Partial pronase digestion of rat gastric mucosa isolates cells undergoing replicative DNA synthesis.

A pronase digestion procedure for the isolation of gastric mucosal cells was evaluated for its usefulness in measuring unscheduled DNA synthesis (UDS). The method has been claimed to be suited for assessing the genotoxicity potential of compounds. Compounds were given orally to rats. After 13 h [3H]thymidine was injected and after another hour the animals were killed. The dissected stomachs were treated with pronase for 45 min and the incorporation of radioactivity into DNA was determined. Autoradiography was also performed both on the mucosa and on the isolated cell suspension.
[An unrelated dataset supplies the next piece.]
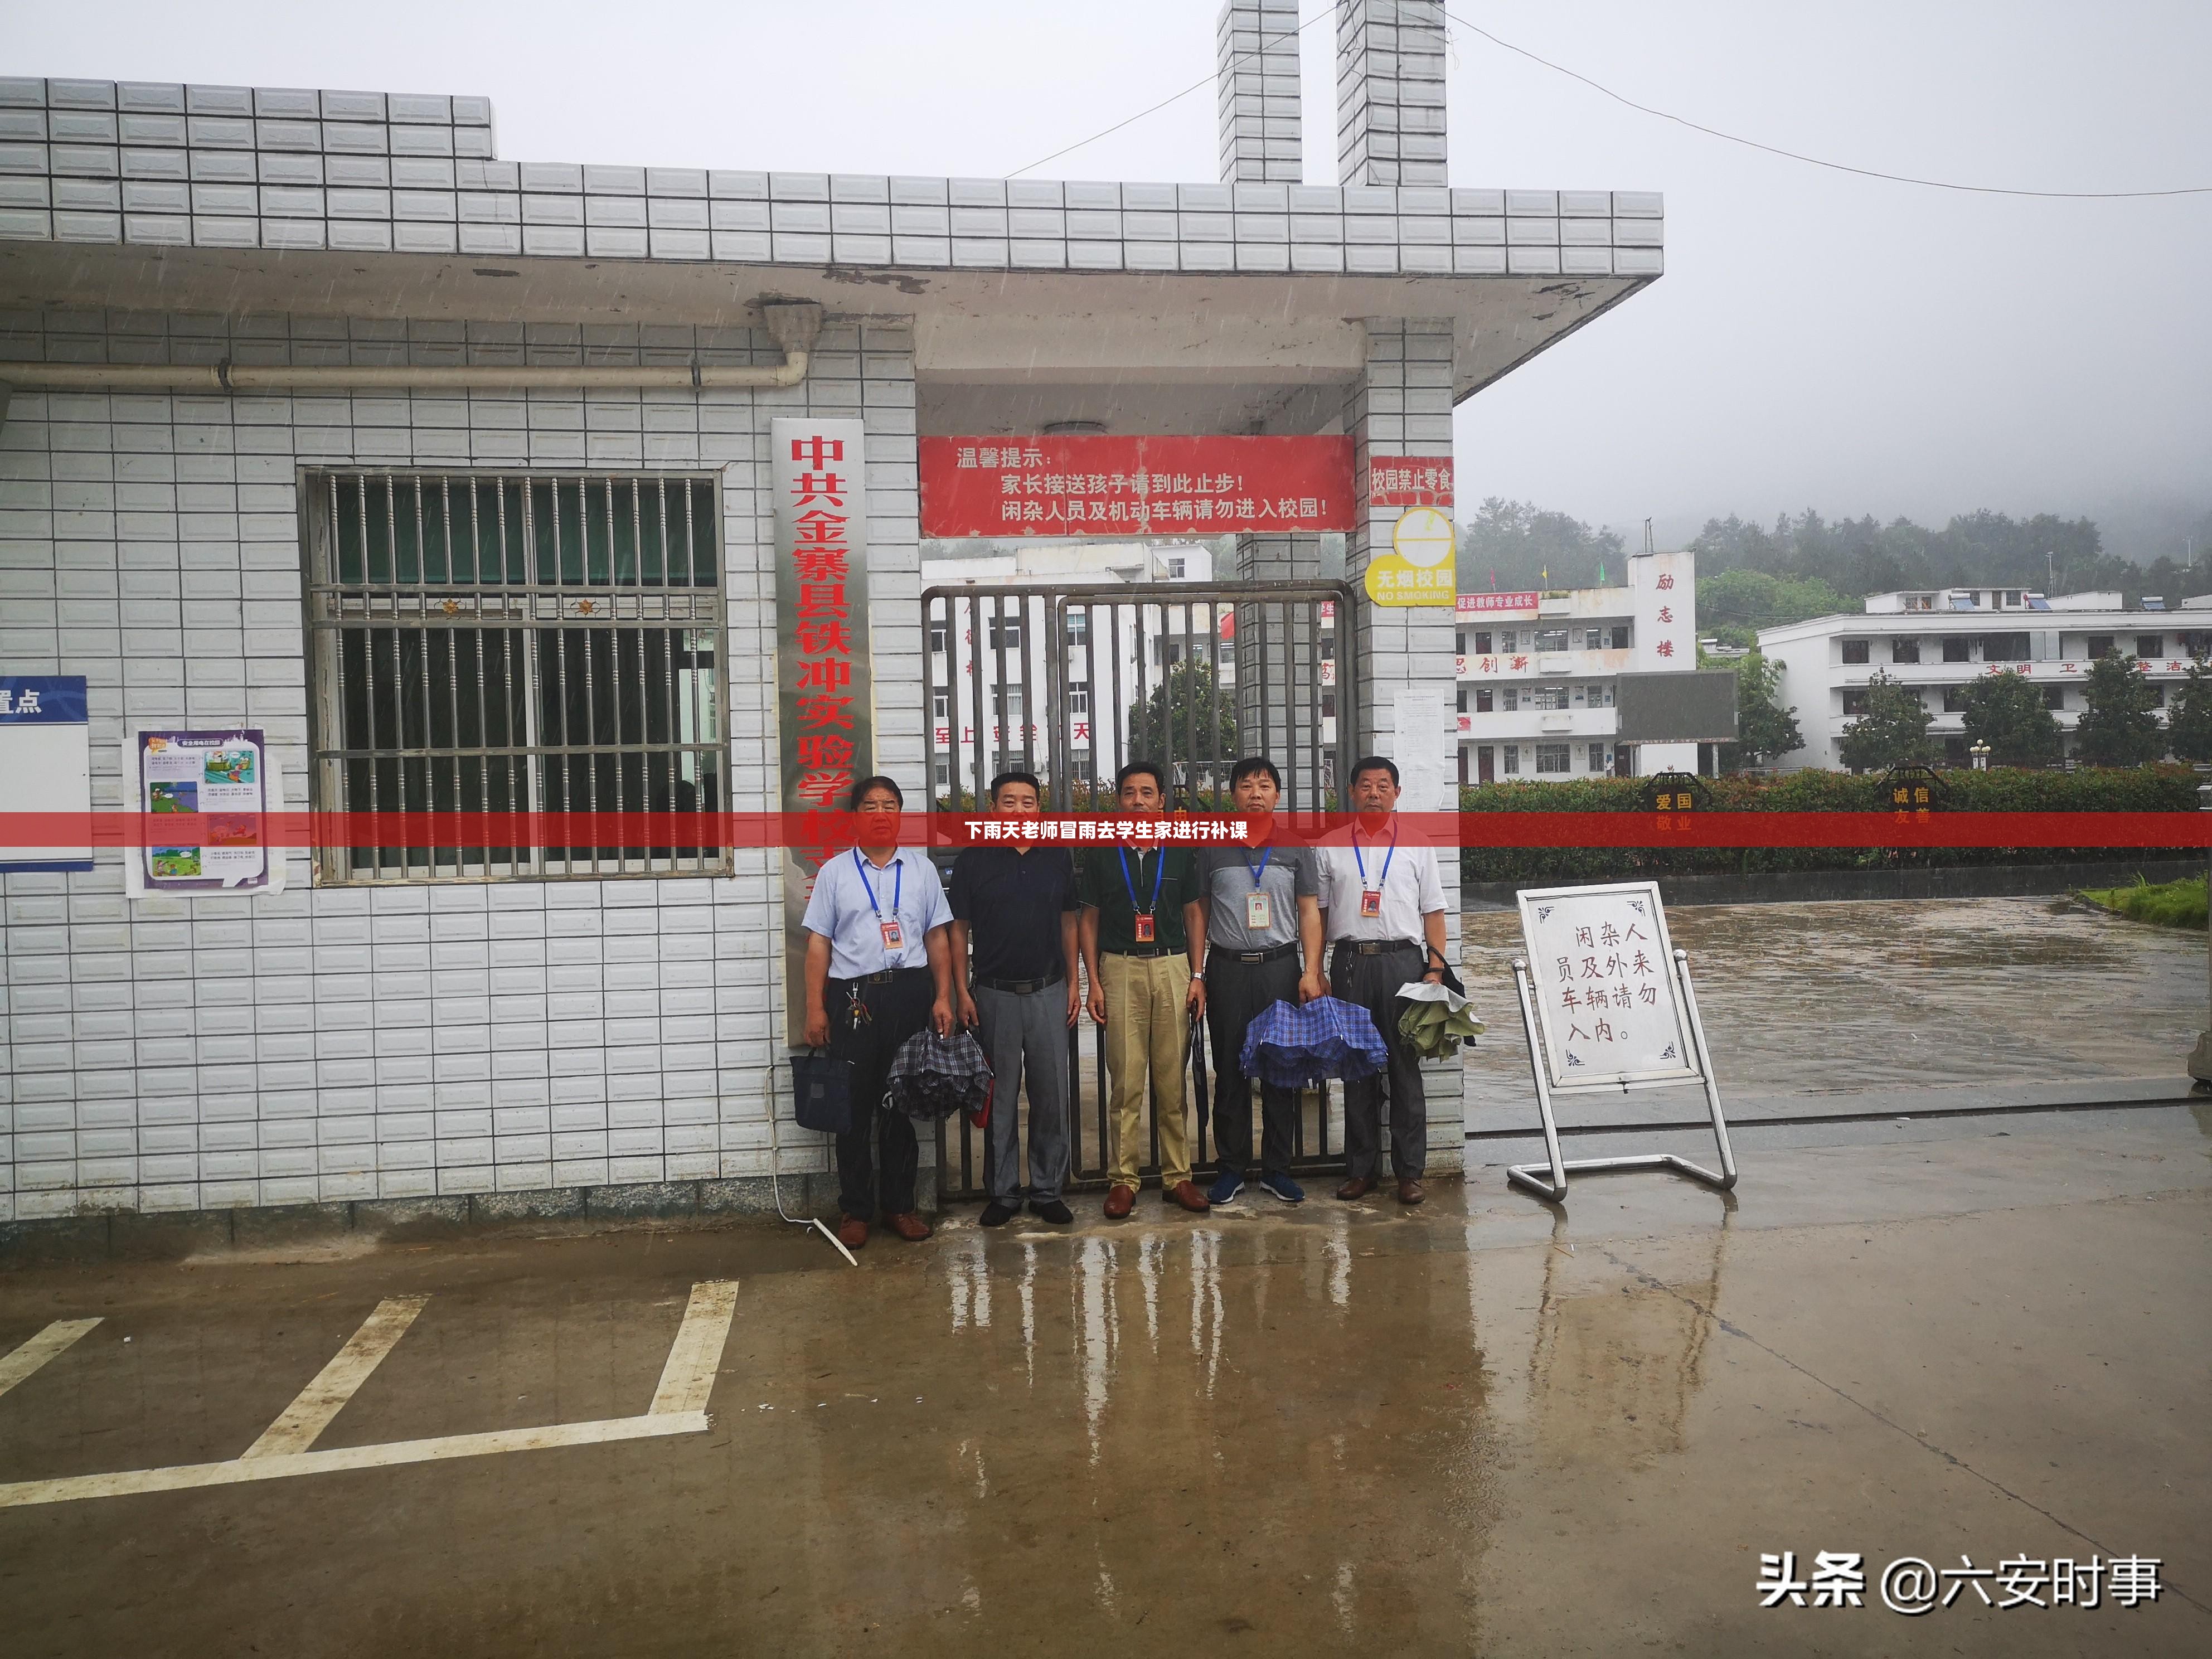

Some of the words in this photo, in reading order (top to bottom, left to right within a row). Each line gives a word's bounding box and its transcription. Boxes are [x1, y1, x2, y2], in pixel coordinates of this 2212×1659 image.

The cell suspensions were found to include cells undergoing normal replicative (S phase) DNA synthesis. Of all cells isolated, 4.8 +/- 0.6% consisted of S phase cells. The total amount of DNA recovered (corresponding to the number of cells isolated) was variable and ranged from 20 to 671 micrograms DNA, i.e. approximately 30-fold variation. Neither omeprazole (10, 30 and 80 mg/kg) nor ranitidine (215 mg/kg) had any effect on [3H]thymidine incorporation. The known carcinogen 1-methyl-3-nitro-1-nitrosoguanidine (MNNG) increased incorporation. Refeeding of fasted animals increased incorporation of [3H]thymidine almost 4-fold, showing that animal feeding status influences incorporation. Hydroxyurea, the selective inhibitor of S phase DNA synthesis, inhibited [3H]thymidine incorporation in control and omeprazole-treated animals as well as that induced by MNNG by 92-98%. The results clearly show that the pronase digestion procedure used releases cells undergoing normal, replicative DNA synthesis and can therefore neither be used for measurements of UDS nor for the assessment of the genotoxic potential of drugs.